Consecuencias «ad extra»

Hemos de ver ante todo las consecuencias que entraña lo anterior para el catolicismo en relación con las demás religiones. Una vez más comprobaremos que la afirmación católica de que el cristianismo es la religión verdadera ha sido la base de una actitud positiva con respecto a las otras religiones, como advertimos en conocidas formulaciones del Vaticano II. El Concilio afirmó que en las demás religiones hay ciertos «elementos de verdad y bondad», pero no dijo explícitamente que constituyeran mediaciones de la salvación[14]. Sin embargo, un número creciente de teólogos católicos (K. Rahner, H. R. Schlette, P. Schoonenberg, E. Schillebceekx, B. Lonergan, H. Küng, R. Panikkar, etc.) han desarrollado las afirmaciones del Concilio hasta llegar a la conclusión de que las restantes religiones han de ser consideradas «vías legítimas de salvación»[15]. Esta afirmación se basa exactamente en el mismo motivo que el aserto de que el cristianismo es la religión verdadera. Si la tradición católica sostiene la posibilidad universal de la gracia salvadora, ha de pensar también que esa gracia se otorga a través de las religiones. Postular que a los no cristianos se ofrece esa gracia a través de una inspiración interior o en virtud de una orientación especial con motivo de la primera elección moral o mediante una iluminación especial en el momento de la muerte es pasarse al terreno de los «postulados arbitrarios e improbables». Negar que las personas puedan experimentar la salvación en y a través de sus religiones «sería tanto como entender este acontecimiento de la salvación de manera completamente ahistórica y asocial. Pero ello está en contra básicamente del carácter histórico y social del mismo cristianismo, es decir, de su carácter eclesial»[16]. Si la alianza de Dios con Noé es una alianza con las naciones, por su misma definición esa alianza ha de participarse a través de la mediación de las religiones[17]. Así, pues, las diferencias más notables entre la visión católica y la protestante de las otras religiones radican en su diversa manera de entender el cristianismo como religión verdadera.

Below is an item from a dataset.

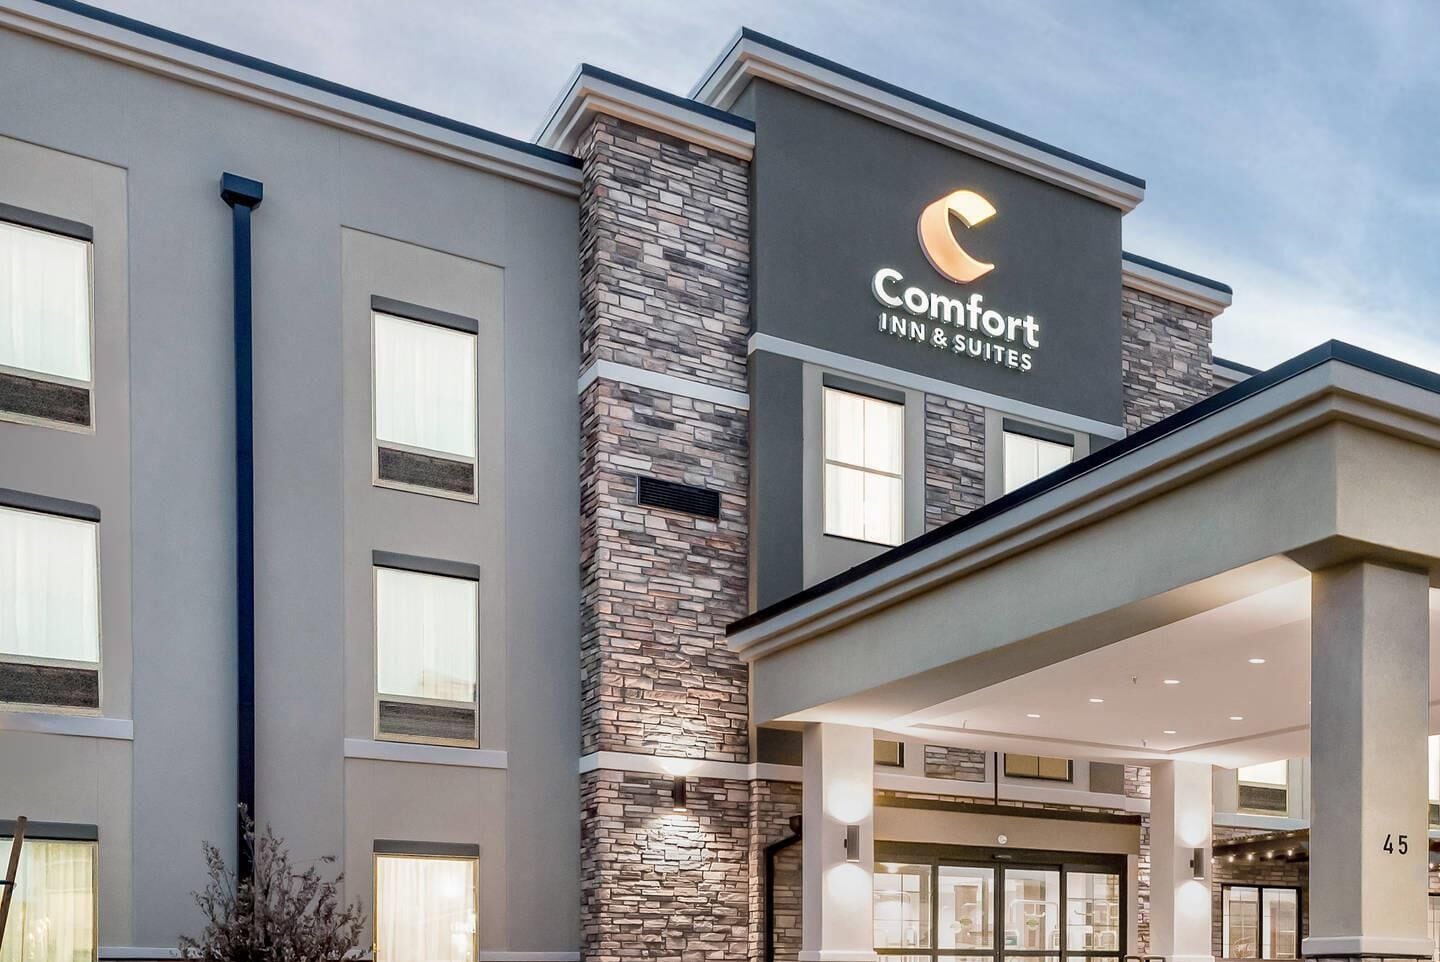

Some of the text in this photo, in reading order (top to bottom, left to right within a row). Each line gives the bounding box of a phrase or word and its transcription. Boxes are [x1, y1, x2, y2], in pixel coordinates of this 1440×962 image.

Si atendemos a las consecuencias de esa autoafirmación del catolicismo como religión absoluta, resulta que se pone sordina a esa actitud positiva hacia las restantes religiones y se le añaden cualificaciones que la alteran radicalmente. Los teólogos antes mencionados afirman en su mayor parte el carácter absoluto del cristianismo (Panikkar, como veremos, parece ser una notable excepción) y añaden luego que estas religiones comunican una salvación, en diversos aspectos, deficiente e incompleta, que son incapaces de distinguir entre la verdad y el error que las debilita, de forma que la verdad no resulta en ellas tan fácilmente accesible como en el cristianismo, por lo que se puede decir que contienen más interrogantes que respuestas. En consecuencia, al describir las relaciones existentes entre las religiones universales y el cristianismo, estos teólogos las presentan como «formas precursoras», «anticipatorias», «exploratorias» (Vorentwürfe, Wegbereiter), a las que correspondería un cometido similar al del Antiguo Testamento. También el Vaticano II dijo que estas religiones constituyen una praeparatio evangelica en que la «presencia de Dios» es únicamente «secreta», destinada a revelarse en «la plenitud de la vida religiosa» que contiene el cristianismo. Esas religiones, por consiguiente, son válidas tan sólo hasta el pleno advenimiento del cristianismo; algunos estiman que esas religiones están sometidas a un «juicio» o «crisis», pero otros prefieren hablar de una Aufhebung, en virtud de la cual alcanzan un punto de «convergencia» o «síntesis» en el cristianismo[18]. En estas posturas tiene su base el controvertido concepto de «cristianismo anónimo». Ultimamente, los teólogos católicos empiezan a abandonar esos intentos de introducir a los no cristianos en la Iglesia por la puerta falsa; ya no insisten en que la Iglesia ha de ser mediadora o instauradora de la salvación experimentada fuera de sus confines. Sin embargo, en el encuentro con las restantes religiones siguen insistiendo en que todas las religiones deben someterse a la normatividad definitiva de Cristo y del cristianismo[19].

 

PERSPECTIVAS FUTURAS: DEL ECLESIOCENTRISMO AL CRISTOCENTRISMO Y AL TEOCENTRISMO

A la luz de las anteriores consideraciones surge una cuestión que preocupa a los cristianos: para ser una religión verdadera, ¿ha de entenderse a sí mismo el cristianismo, fiel a su tradición, como una religión absoluta? Algunos replicarán que esta cuestión tiene todo el aire de «lo ya visto» y que no puede llevarnos a otra cosa que a una teología liberal ya más que superada. Resulta demasiado fácil desechar de este modo esa cuestión. Las respuestas inadecuadas (¿eran realmente tan inadecuadas?) que se le dieron en el pasado no significan que ya esté resuelto el problema. Por el contrario, las consecuencias ad intra y ad extra de la autoafirmación del catolicismo como religión absoluta indican que la cuestión se plantea hoy con mayor urgencia que nunca.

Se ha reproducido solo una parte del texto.